Application support processes, tools, and service level agreements alone do not reduce the risk of changes or enhancements affecting the application. More often than not, these changes result in regressions. The point of failure―the point which can stop the entire application from working—remains high for the DevOps team because of the lack of experience with the application. It is especially high when the support team does not participate in the development phase. Much of the time has to be spent in code archaeology, analyzing the logic and how the changes could impact the current functionality of the application.
This is where the maturity of a DevOps transformation and the benefits gained reduces the risk through the practice of Continuous Integration (CI) / Continuous Delivery (CD), and Continuous Testing (CT).
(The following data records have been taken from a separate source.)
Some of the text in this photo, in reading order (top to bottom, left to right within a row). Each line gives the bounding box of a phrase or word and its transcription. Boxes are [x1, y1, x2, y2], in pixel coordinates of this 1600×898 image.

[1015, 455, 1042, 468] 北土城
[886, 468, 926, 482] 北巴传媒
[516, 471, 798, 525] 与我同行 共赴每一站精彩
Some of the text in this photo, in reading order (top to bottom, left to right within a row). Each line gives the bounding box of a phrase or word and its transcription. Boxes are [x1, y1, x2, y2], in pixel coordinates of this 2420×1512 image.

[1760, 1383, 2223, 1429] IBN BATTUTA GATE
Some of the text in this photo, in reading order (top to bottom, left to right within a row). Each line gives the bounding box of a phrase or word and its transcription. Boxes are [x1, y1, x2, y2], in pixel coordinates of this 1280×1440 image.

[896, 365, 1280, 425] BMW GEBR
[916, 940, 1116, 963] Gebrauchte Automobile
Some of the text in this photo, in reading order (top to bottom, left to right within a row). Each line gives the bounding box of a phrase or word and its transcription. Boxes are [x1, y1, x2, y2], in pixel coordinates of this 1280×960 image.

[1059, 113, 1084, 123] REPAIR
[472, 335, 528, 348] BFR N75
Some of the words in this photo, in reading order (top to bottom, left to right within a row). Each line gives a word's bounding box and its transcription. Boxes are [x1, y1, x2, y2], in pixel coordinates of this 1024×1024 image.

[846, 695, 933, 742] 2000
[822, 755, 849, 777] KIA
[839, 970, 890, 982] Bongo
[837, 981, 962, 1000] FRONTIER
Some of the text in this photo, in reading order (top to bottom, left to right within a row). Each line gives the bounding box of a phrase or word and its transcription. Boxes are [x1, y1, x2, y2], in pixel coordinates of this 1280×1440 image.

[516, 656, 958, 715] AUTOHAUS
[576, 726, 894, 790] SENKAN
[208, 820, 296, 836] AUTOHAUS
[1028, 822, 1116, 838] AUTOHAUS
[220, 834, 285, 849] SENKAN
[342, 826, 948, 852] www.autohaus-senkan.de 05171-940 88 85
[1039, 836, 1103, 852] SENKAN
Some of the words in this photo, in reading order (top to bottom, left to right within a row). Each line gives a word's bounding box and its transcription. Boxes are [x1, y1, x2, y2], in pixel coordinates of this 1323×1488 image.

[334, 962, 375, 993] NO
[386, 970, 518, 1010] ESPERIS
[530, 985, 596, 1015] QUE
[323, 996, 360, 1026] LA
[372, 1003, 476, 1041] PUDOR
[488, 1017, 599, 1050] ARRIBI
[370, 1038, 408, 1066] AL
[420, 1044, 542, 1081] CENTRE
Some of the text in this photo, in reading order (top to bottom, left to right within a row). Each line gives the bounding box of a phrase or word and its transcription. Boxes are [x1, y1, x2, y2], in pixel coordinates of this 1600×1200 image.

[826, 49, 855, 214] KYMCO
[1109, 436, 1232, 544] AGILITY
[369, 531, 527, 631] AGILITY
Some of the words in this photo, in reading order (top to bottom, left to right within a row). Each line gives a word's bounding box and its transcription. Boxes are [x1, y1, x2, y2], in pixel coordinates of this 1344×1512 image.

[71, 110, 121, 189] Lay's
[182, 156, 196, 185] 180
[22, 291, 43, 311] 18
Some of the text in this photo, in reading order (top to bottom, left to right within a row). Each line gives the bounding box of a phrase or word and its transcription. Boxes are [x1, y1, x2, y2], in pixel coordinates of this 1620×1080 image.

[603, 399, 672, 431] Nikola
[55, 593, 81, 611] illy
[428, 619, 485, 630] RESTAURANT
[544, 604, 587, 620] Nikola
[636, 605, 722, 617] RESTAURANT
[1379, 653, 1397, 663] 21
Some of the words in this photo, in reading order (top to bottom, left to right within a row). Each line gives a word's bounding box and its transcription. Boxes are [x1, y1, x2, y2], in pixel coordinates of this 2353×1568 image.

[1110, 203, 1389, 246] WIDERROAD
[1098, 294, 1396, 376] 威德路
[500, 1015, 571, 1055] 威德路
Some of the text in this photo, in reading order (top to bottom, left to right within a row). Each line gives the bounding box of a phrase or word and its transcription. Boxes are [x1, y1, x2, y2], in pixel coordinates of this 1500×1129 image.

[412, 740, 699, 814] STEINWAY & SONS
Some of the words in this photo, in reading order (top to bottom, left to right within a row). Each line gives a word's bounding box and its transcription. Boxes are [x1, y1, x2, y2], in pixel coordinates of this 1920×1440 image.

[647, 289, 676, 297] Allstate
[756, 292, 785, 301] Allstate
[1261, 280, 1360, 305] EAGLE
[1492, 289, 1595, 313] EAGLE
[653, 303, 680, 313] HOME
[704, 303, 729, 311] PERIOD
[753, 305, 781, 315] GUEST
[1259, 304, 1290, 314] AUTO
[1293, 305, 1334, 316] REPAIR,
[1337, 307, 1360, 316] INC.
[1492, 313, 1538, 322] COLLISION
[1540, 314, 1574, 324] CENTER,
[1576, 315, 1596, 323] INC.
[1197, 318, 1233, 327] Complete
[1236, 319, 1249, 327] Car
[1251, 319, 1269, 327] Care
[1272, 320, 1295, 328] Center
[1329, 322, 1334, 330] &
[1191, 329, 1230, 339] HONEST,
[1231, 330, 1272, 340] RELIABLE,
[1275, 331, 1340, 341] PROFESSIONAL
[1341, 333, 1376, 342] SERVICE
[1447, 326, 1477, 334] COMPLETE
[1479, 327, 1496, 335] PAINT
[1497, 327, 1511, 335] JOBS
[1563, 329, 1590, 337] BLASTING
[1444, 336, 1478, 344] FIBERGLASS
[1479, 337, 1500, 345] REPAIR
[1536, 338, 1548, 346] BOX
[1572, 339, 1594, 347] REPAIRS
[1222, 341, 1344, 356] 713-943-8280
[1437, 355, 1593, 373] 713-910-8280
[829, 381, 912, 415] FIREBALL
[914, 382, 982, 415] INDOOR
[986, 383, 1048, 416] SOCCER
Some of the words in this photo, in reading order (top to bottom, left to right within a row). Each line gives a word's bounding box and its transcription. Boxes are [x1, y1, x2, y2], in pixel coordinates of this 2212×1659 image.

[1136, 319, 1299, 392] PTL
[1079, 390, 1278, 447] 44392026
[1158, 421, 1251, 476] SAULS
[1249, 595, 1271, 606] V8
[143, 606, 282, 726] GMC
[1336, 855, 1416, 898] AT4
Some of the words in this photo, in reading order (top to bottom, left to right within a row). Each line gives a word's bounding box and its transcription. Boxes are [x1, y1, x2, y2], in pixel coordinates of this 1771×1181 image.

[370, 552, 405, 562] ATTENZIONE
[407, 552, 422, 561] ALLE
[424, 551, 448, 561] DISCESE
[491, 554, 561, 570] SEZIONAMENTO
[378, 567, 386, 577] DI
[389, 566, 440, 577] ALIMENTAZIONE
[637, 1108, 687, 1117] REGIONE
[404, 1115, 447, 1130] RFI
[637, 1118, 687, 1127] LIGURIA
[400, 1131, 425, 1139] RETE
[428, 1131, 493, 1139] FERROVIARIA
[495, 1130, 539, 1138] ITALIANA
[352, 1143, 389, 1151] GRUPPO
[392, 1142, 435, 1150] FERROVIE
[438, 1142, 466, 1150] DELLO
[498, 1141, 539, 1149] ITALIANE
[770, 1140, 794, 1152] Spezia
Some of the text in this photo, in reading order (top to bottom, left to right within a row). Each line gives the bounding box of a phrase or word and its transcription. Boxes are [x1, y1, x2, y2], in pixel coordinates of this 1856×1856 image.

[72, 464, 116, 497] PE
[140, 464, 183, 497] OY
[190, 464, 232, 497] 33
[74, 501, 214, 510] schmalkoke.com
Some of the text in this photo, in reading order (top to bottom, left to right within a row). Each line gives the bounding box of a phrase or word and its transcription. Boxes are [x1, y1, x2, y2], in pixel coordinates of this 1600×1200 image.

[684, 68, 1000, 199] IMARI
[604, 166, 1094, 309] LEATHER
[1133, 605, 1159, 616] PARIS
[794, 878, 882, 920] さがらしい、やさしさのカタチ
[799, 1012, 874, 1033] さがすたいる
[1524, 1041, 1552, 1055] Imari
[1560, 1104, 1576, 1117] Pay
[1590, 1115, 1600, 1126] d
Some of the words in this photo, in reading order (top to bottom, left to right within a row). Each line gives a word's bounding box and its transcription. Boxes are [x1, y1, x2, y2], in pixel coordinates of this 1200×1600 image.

Incorporating the correct strategy into your CI will reduce the risk that the new code will affect the current application via Regression Testing.
Common definitions for the quality side
Continuous Testing is the process of executing automated tests as part of the software delivery pipeline in order to obtain immediate feedback and reduce the risk of failure from code commits.
Regression Testing is the process of testing changes to the application to ensure that the rest of the functionality is not directly affected by the code and still works with the new changes.
Moving to a mature DevOps transformation and establishing the correct application strategy will reduce the risk of application support and maintenance.
New implementations and bugs found in production will mean code changes. However, the process to introduce new commits into the application pipeline will reduce the possibility of accepting new bugs into the branch, with the early validation of the code from unit testing, static code analysis, and functional testing. As a result, the support and maintenance engineer has immediate feedback from the changes proposed and how it will impact the application. This allows us to accept fool-proof code into the application and detect errors in functionality or coding beforehand.